Data for processing
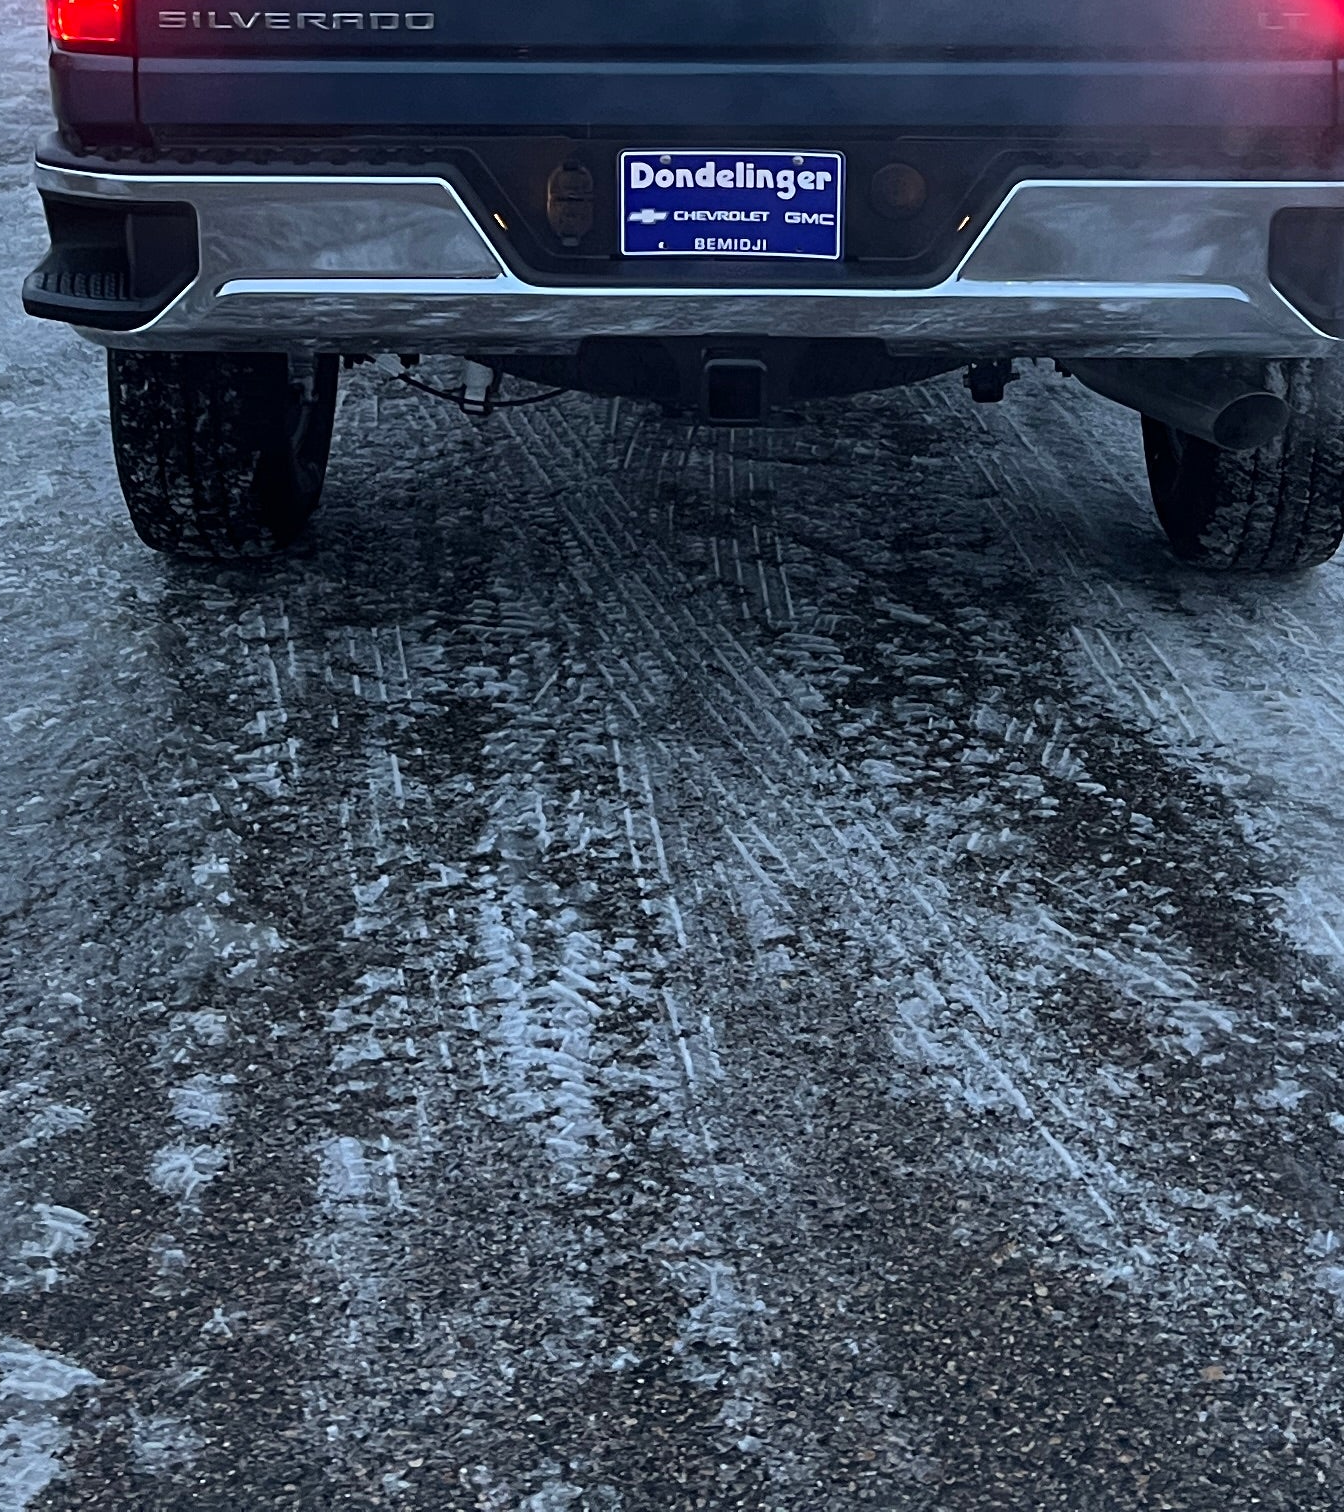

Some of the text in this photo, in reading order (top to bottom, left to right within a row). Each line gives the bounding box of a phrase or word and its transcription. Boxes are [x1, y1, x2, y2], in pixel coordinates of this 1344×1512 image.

[158, 10, 435, 31] SILVERADO
[630, 161, 832, 200] Dondelinger
[672, 210, 835, 226] CHEVROLET GMC
[694, 237, 768, 251] BEMIDJI

Task directions
Set down every record word for word and leave out the pictures.

Solution
Some of the text in this photo, in reading order (top to bottom, left to right within a row). Each line gives the bounding box of a phrase or word and its transcription. Boxes are [x1, y1, x2, y2], in pixel coordinates of this 1344×1512 image.

[158, 10, 435, 31] SILVERADO
[630, 161, 832, 200] Dondelinger
[672, 210, 835, 226] CHEVROLET GMC
[694, 237, 768, 251] BEMIDJI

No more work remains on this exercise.